**EXERCISE AIM:**
What you submit must be an exact copy of the listing below, with no images in it.

**INPUT FOR THIS TASK:**
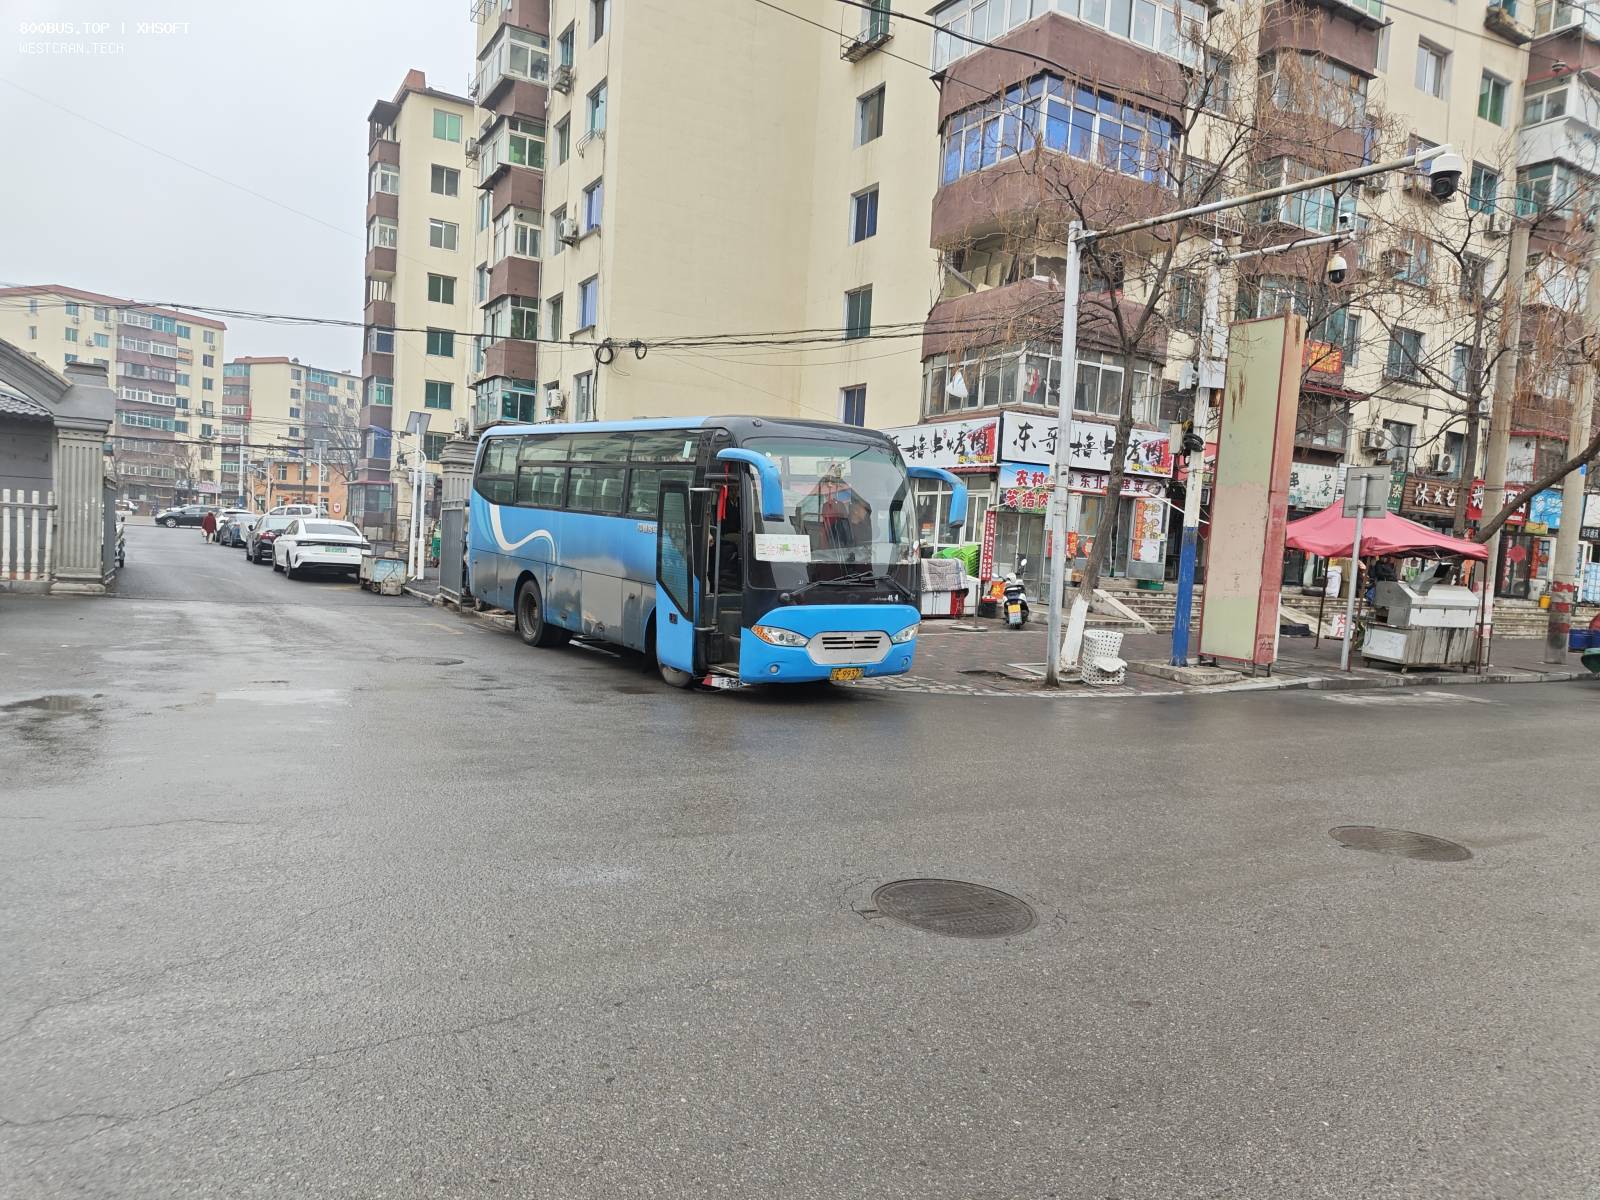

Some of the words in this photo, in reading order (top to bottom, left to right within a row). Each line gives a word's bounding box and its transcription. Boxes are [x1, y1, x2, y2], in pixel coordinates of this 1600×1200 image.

[1016, 470, 1045, 487] 农村
[1006, 488, 1049, 508] 笨猪肉
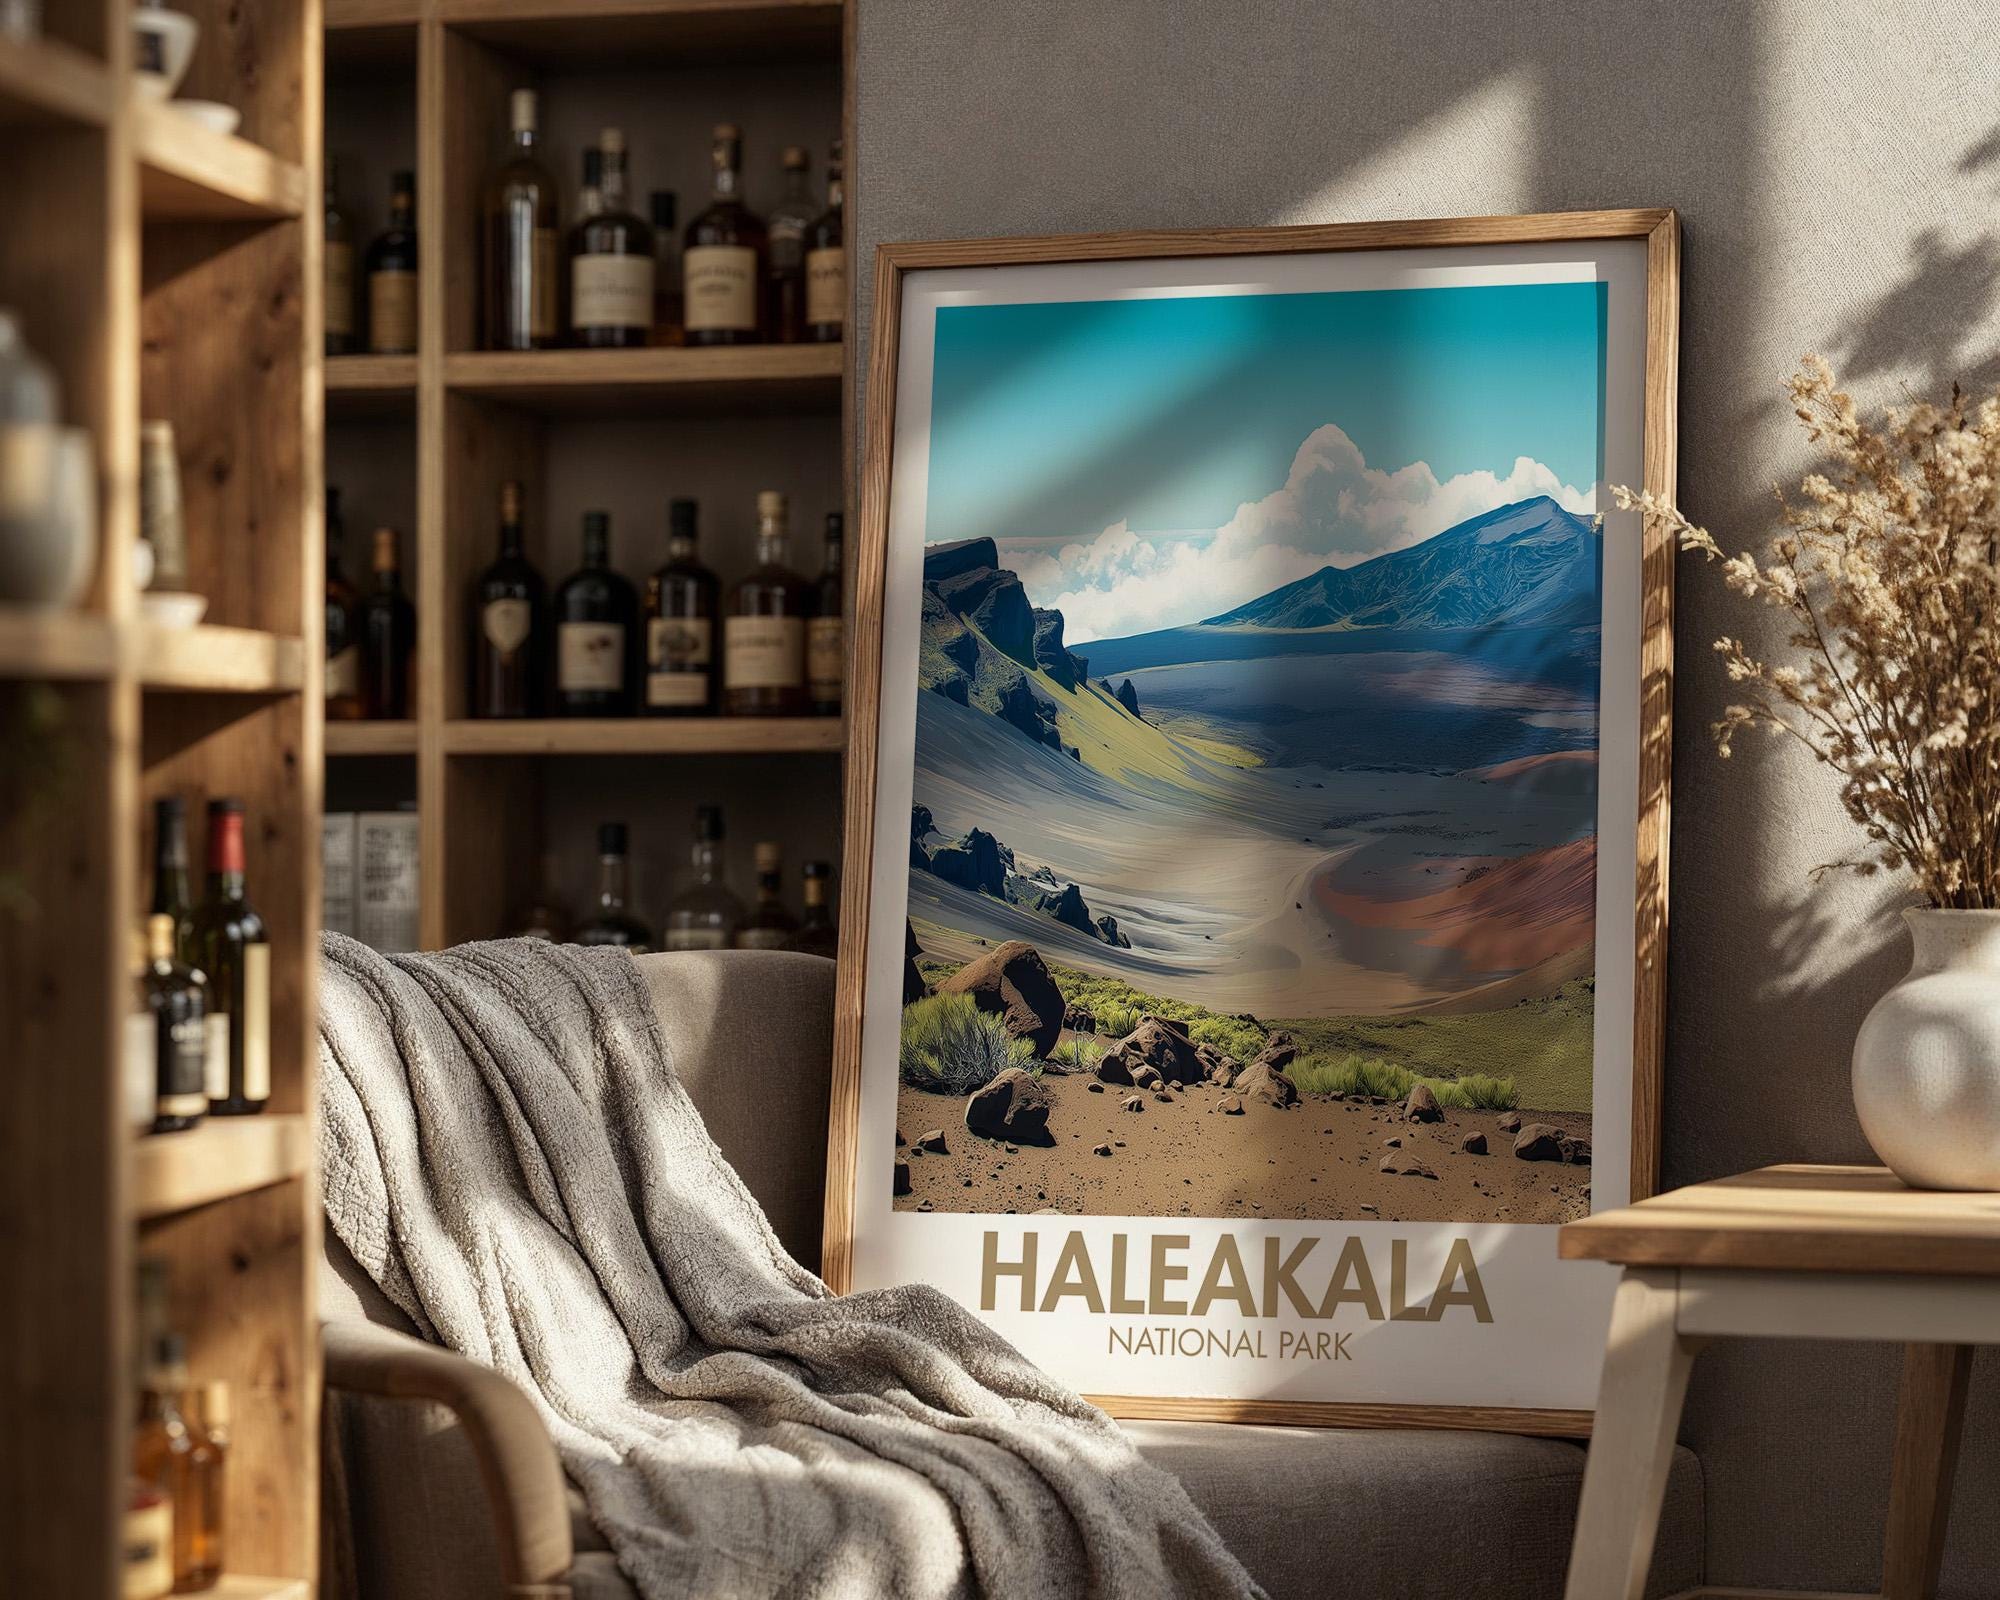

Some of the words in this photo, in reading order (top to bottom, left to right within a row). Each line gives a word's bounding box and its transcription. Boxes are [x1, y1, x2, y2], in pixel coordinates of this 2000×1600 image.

[980, 1231, 1494, 1323] HALEAKALA
[1108, 1327, 1267, 1359] NATIONAL
[1279, 1331, 1353, 1361] PARK

**ANSWER TO THIS EXERCISE:**
Some of the words in this photo, in reading order (top to bottom, left to right within a row). Each line gives a word's bounding box and its transcription. Boxes are [x1, y1, x2, y2], in pixel coordinates of this 1600×1200 image.

[1016, 470, 1045, 487] 农村
[1006, 488, 1049, 508] 笨猪肉

Some of the words in this photo, in reading order (top to bottom, left to right within a row). Each line gives a word's bounding box and its transcription. Boxes are [x1, y1, x2, y2], in pixel coordinates of this 2000×1600 image.

[980, 1231, 1494, 1323] HALEAKALA
[1108, 1327, 1267, 1359] NATIONAL
[1279, 1331, 1353, 1361] PARK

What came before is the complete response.